The return wire from the team control unit to the burner was bared midway and arcs (fortunate to only have burned insulation in the unit!).
Now, I'm needing input on:
1. Is this box shot?
2. Is it possible to re-insulate - using what product?
3. Since I'm all wide open, if I re-insulate, can I now just direct wire to the heating element?

The unit has DEFINITELY been "paid off" for years - 100's of loads run through it without trouble. But, if I can save a landfill some content I'm all for it.

Any thoughts?


----------



## gmc2003 (Nov 13, 2018)

Welcome to the site - glad you finally decided to join up. To me there comes a point in time where it's just time to let it go. Your MES has served you well and it may be time to upgrade. Unless of course you have an emotional attachment to the unit. My question is did you toss out the meat? 

Chris


----------



## SonnyE (Nov 13, 2018)

Not sure what you did to cause that failure, but my advice would be to just replace it with an analog MES and connect it to your Auberins  controller. Done.
10 years is a good run. But never beat a dead horse. It's a waste of time.

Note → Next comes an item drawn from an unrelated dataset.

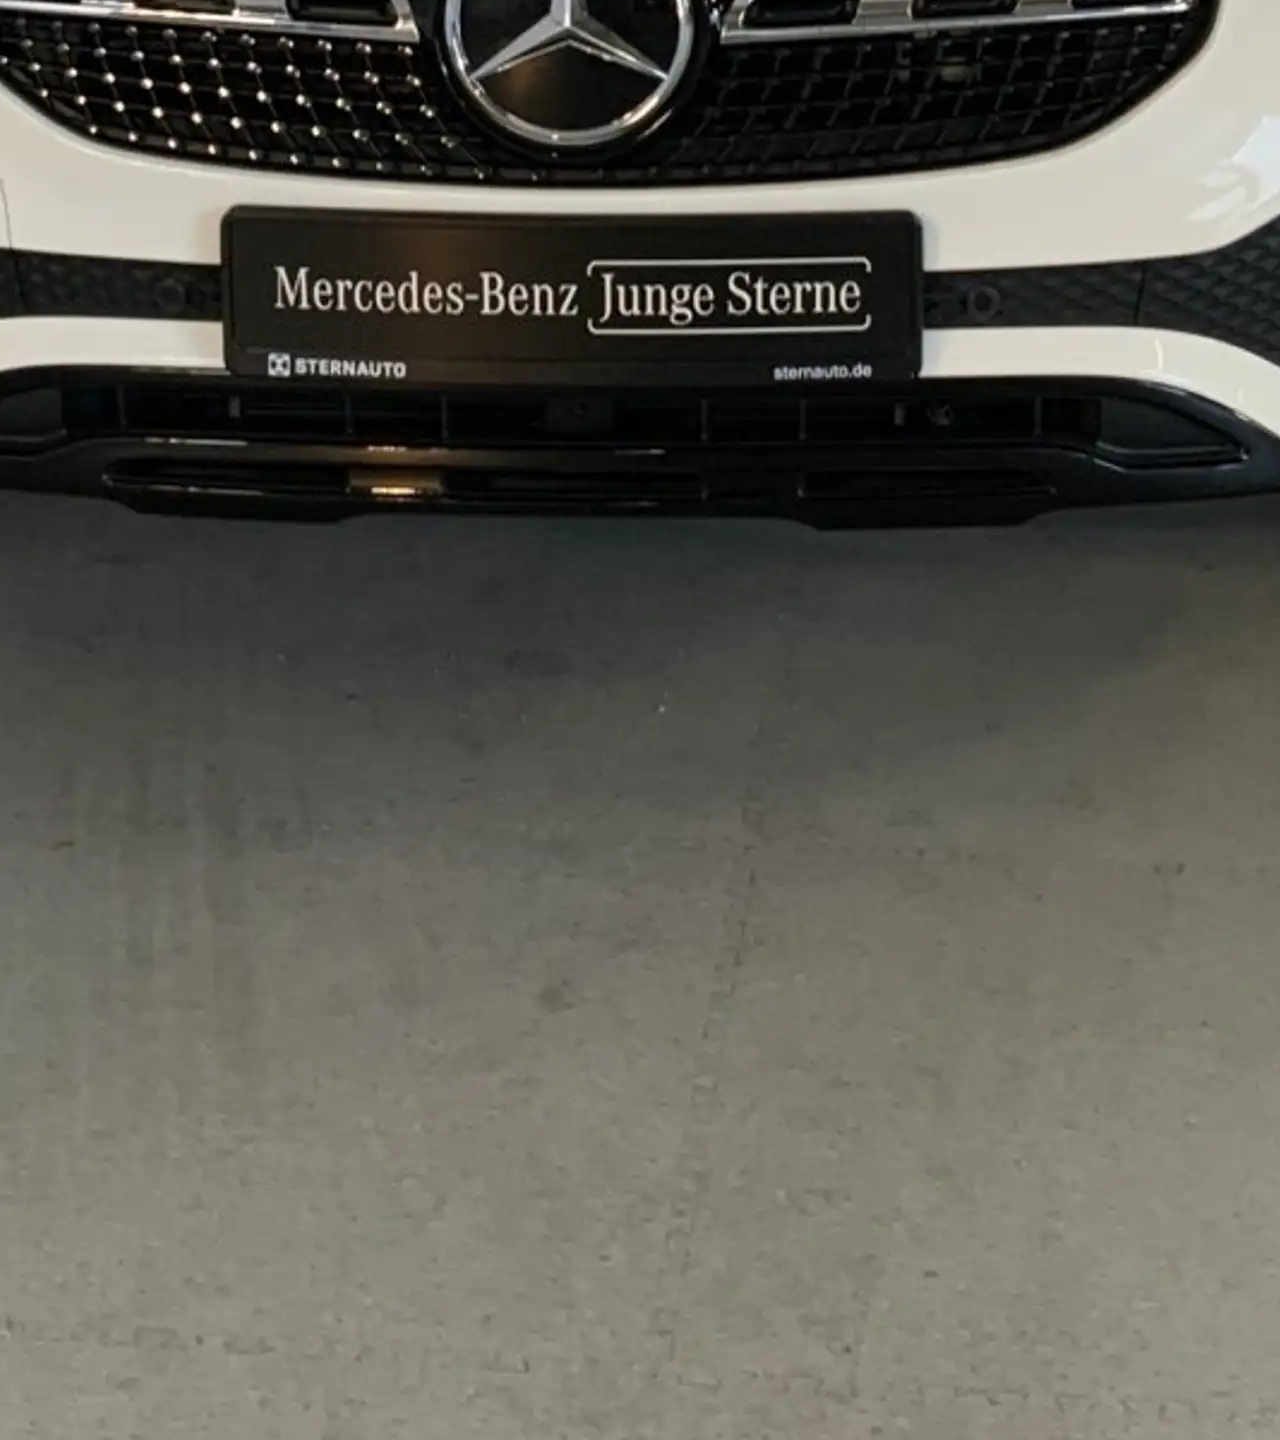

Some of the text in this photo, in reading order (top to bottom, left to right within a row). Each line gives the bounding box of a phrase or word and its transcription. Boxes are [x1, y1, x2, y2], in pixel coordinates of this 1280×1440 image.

Probably a MES 30, I don't think they make a MES 40 that's plain old analog.


----------



## GaryHibbert (Nov 13, 2018)

Shame about that MES 30 Gen 1.  Worst comes to worst, it will still make a great cold smoker.
Gary


----------



## chopsaw (Nov 14, 2018)

I was thinking , " I'd fix it " but you know , not worth the risk of a fire . Might be things you can't see that could be a problem . I agree with Gary , but if you keep it as a cold smoker , cut the cord off .


----------



## daveomak (Nov 14, 2018)

Morning... I'd replace the wiring with high temp, fiberglass coated wire....  Scrape out the foam and replace with Roxul or fiberglass fiberboard...  Turn on the power and see what the results are...  Then you would know if the thermocouple and snap switch need replacing...  Total cost around $30...   The smoker body looks fine...  That's the expensive part..


----------



## biteme7951 (Nov 14, 2018)

Getting ready to convert my Gen 1 MES40 with the auber control. Just looking for the time to do it as I have everything needed. After reading your post I think I will go ahead and pull the back off it and check it out and replace the wires as Dave suggested. I got probably 10yrs out of the old girl and the cabinet is still in prime condition. I will be watching to see how yours turns out.

Barry.


----------



## tallbm (Nov 14, 2018)

vgene said:


> Hey All,
> I'm usually a "watcher" - benefiting from you all smarter than me - and grateful for you!
> I couldn't find anything on my issue so here's my deal and question:
> I have a 10 yr old Gen 1 MES "electric smokehouse" version which ran out of gas this summer...heating element worked fine, just ordered a sweet looking Auberins WIFI PID to circumvent the control board - using tallbm's input on how to wire in without taking off the back.
> ...



Hi there and welcome!

I think you might be able to salvage what you have. 
I like Dave's suggestion of replacing the damaged wiring which is highly recommended since the old wiring seems to have been causing some burning issues.

Is the insulation completely burned up or is it just the outside of the the insulation?
I ask because if you scrape down into it and a majority of the insulation is not burnt up then I think you just scrape off the burnt stuff and replace with some high temp heater/oven/dryer insulation (see here).

Now if the insulation is completely shot then you may have a problem you didn't consider.  The foam insulation provides the STABILITY and sturdiness of the MES smoker.  With out the dense stiff foam you would just have a wobbly sheet metal box for a smoker.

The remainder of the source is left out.